─── GIVEN INFORMATION

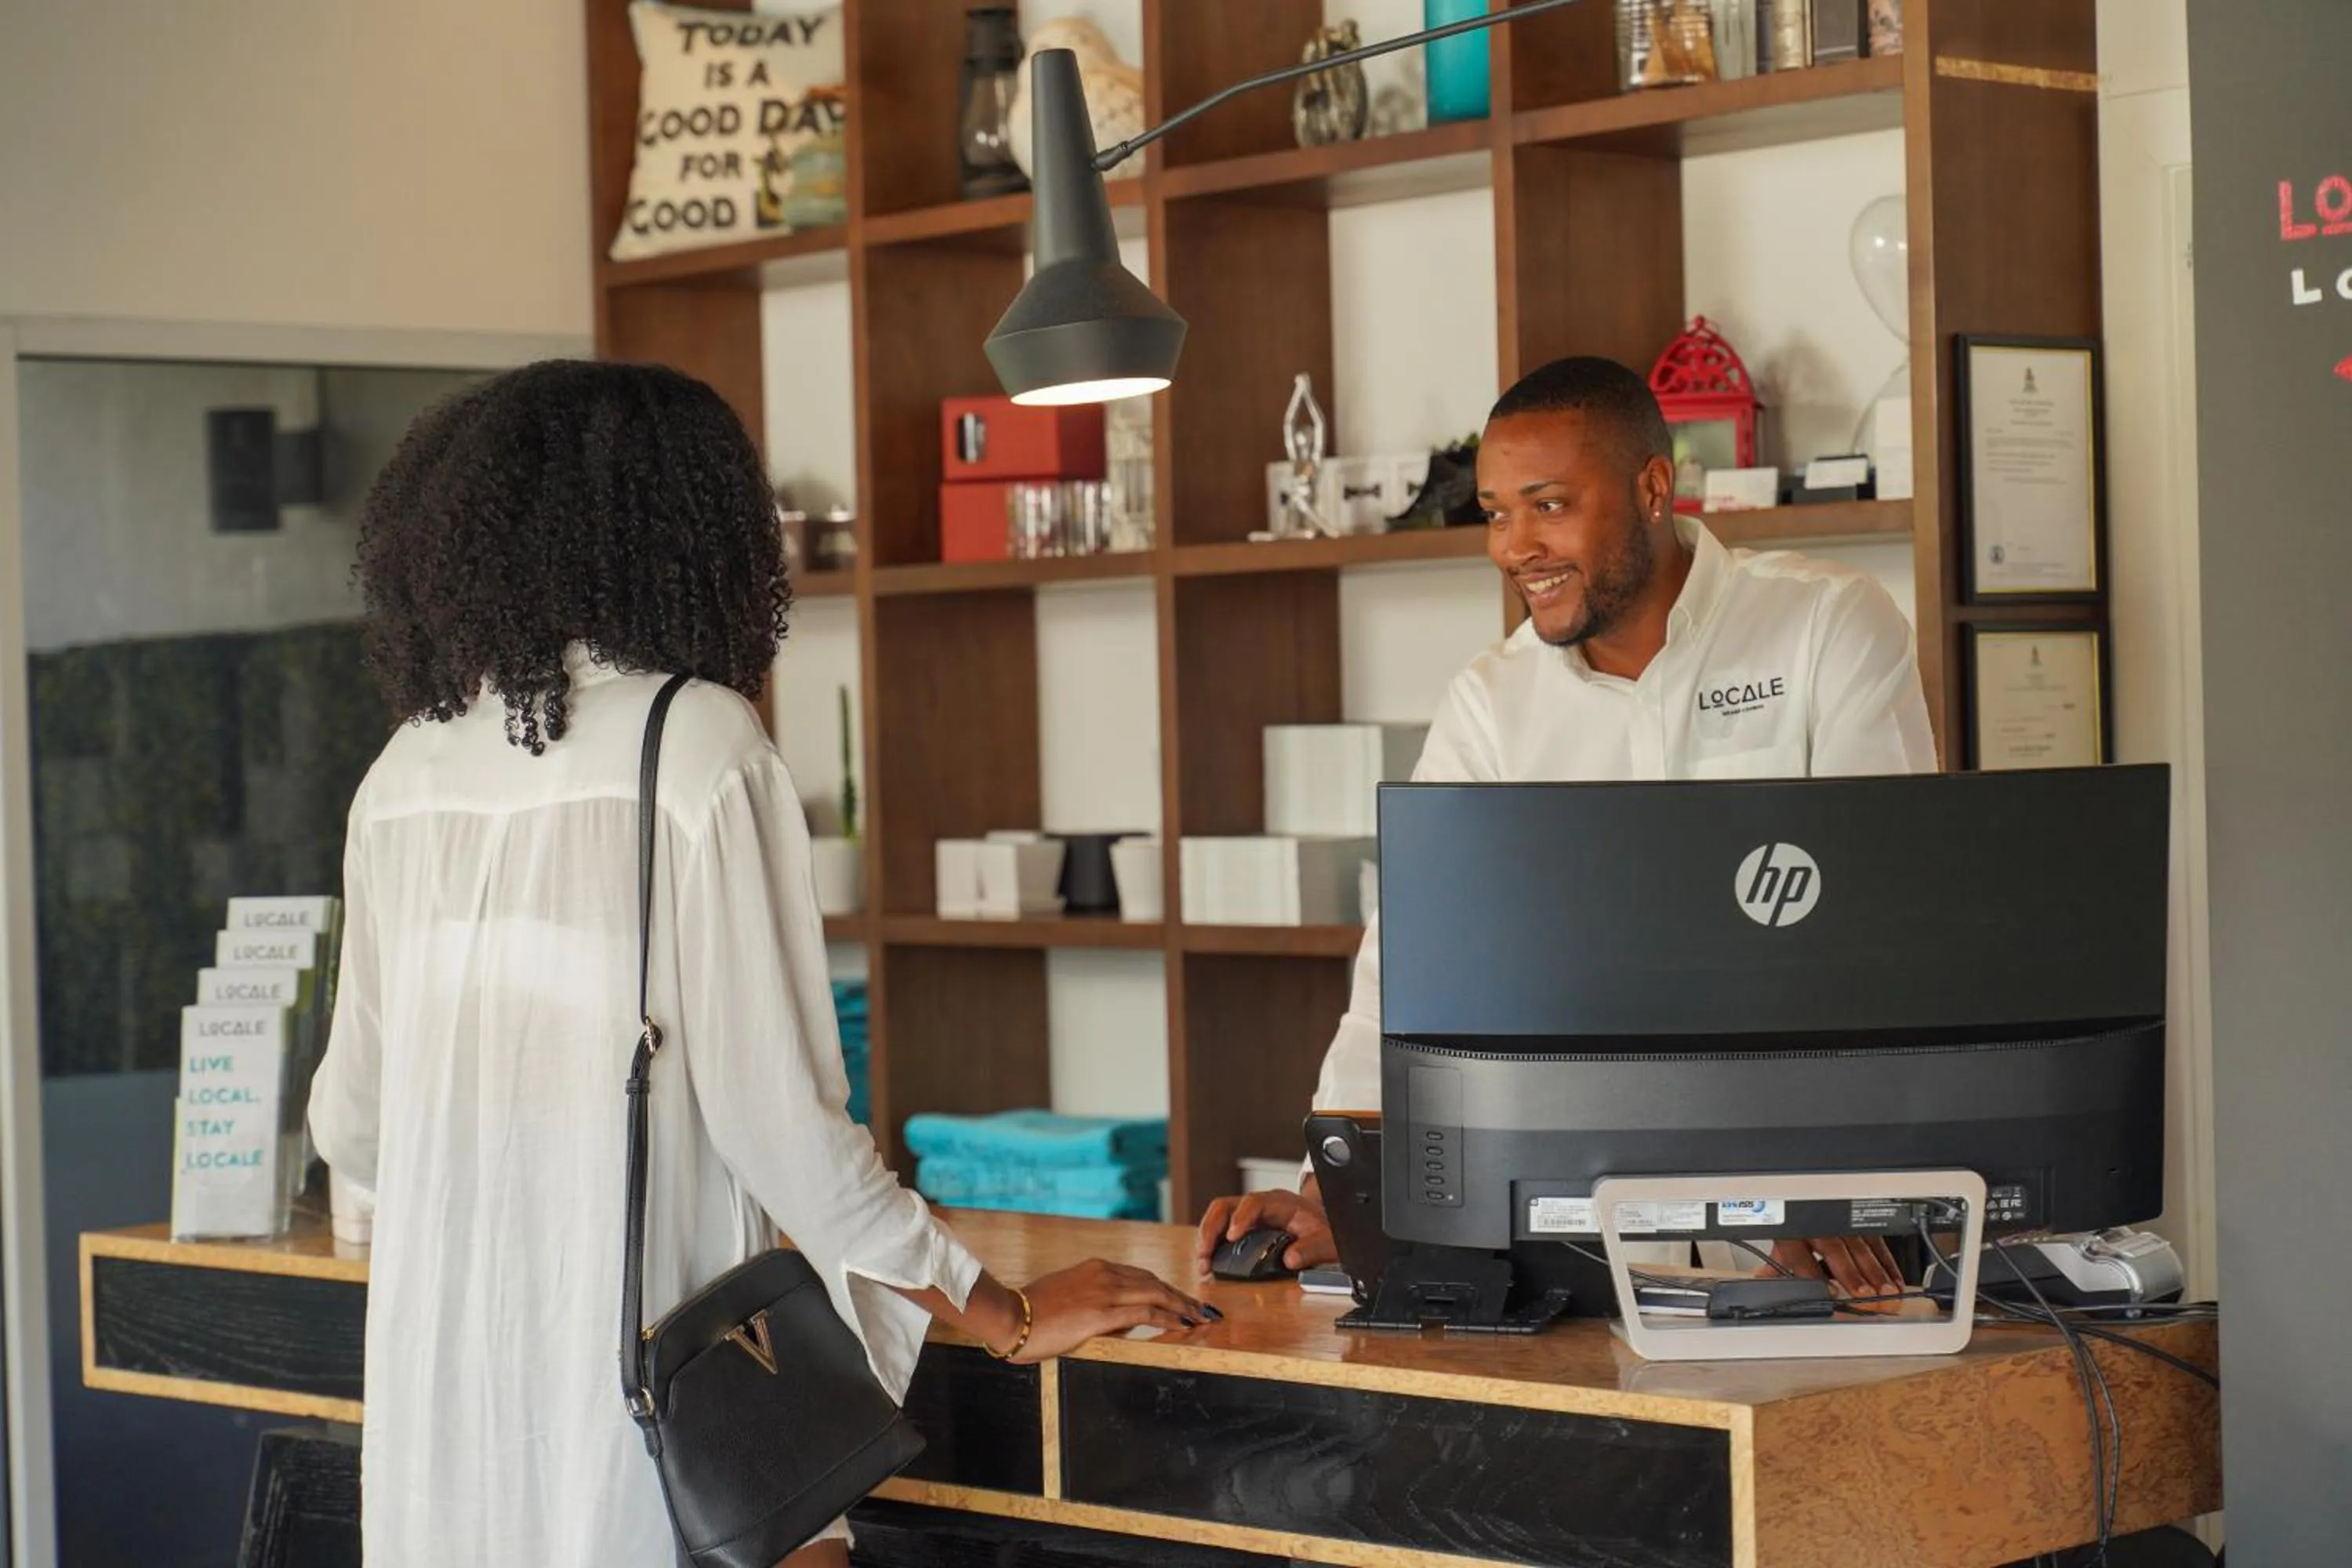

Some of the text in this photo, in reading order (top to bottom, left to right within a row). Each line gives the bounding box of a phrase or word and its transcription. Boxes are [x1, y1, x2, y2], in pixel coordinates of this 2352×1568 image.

[677, 16, 823, 53] TODAY
[706, 60, 770, 88] IS A
[679, 153, 742, 182] FOR
[1699, 677, 1784, 710] LOCALE
[1745, 843, 1813, 926] hp
[245, 911, 310, 927] LOCALE
[234, 945, 299, 960] LOCALE
[216, 984, 281, 1000] LOCALE
[199, 1021, 266, 1036] LOCALE
[190, 1056, 235, 1073] LIVE
[187, 1120, 234, 1136] STAY
[187, 1150, 263, 1168] LOCALE
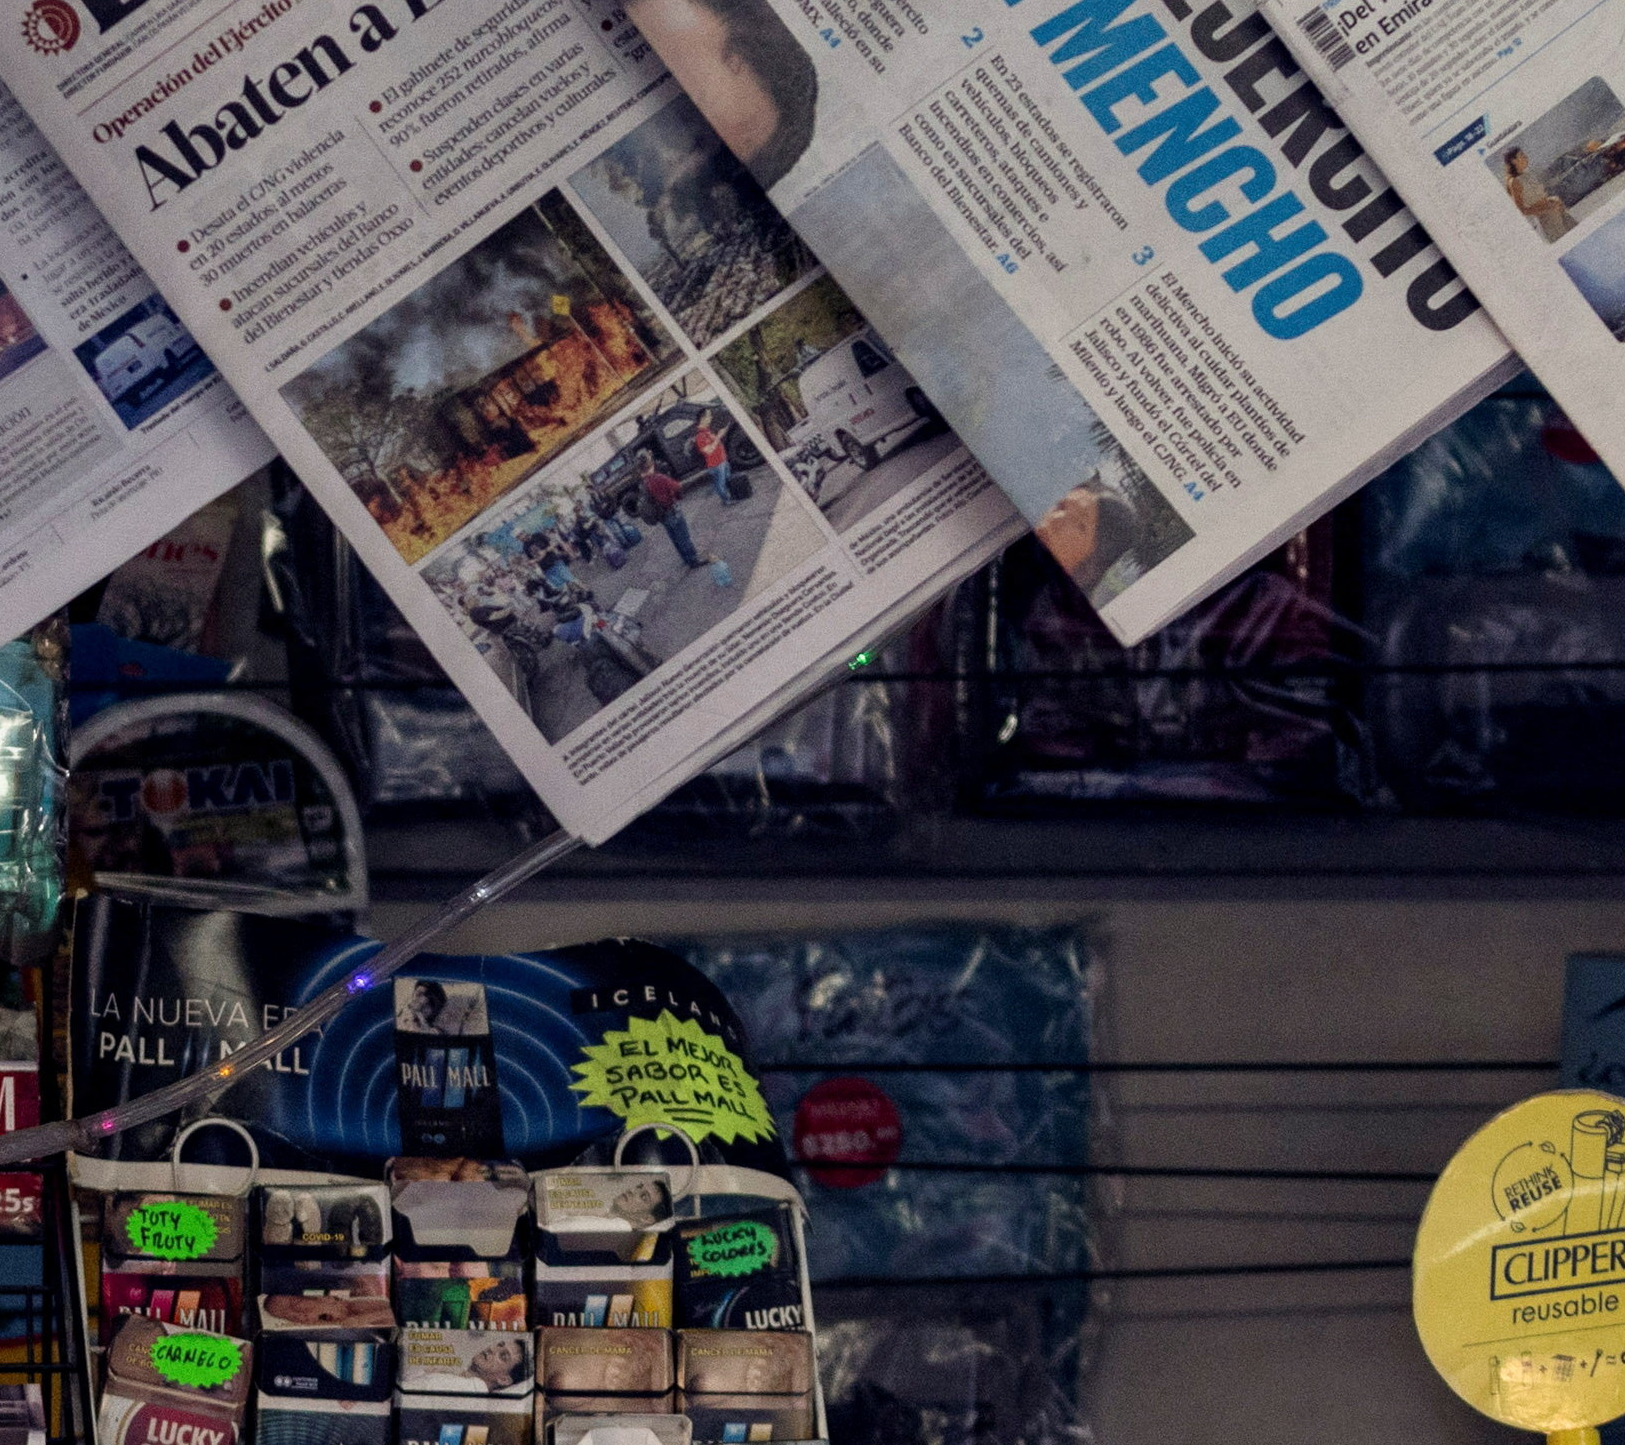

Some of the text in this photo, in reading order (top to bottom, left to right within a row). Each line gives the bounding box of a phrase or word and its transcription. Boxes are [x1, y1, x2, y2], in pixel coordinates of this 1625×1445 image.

──────

PROBLEM TO SOLVE » Print every line above exactly. Leave the pictures out.

RESULT BELOW »
Some of the text in this photo, in reading order (top to bottom, left to right within a row). Each line gives the bounding box of a phrase or word and its transcription. Boxes are [x1, y1, x2, y2], in pixel coordinates of this 2352×1568 image.

[677, 16, 823, 53] TODAY
[706, 60, 770, 88] IS A
[679, 153, 742, 182] FOR
[1699, 677, 1784, 710] LOCALE
[1745, 843, 1813, 926] hp
[245, 911, 310, 927] LOCALE
[234, 945, 299, 960] LOCALE
[216, 984, 281, 1000] LOCALE
[199, 1021, 266, 1036] LOCALE
[190, 1056, 235, 1073] LIVE
[187, 1120, 234, 1136] STAY
[187, 1150, 263, 1168] LOCALE

Some of the text in this photo, in reading order (top to bottom, left to right within a row). Each line gives the bounding box of a phrase or word and its transcription. Boxes are [x1, y1, x2, y2], in pixel coordinates of this 1625×1445 image.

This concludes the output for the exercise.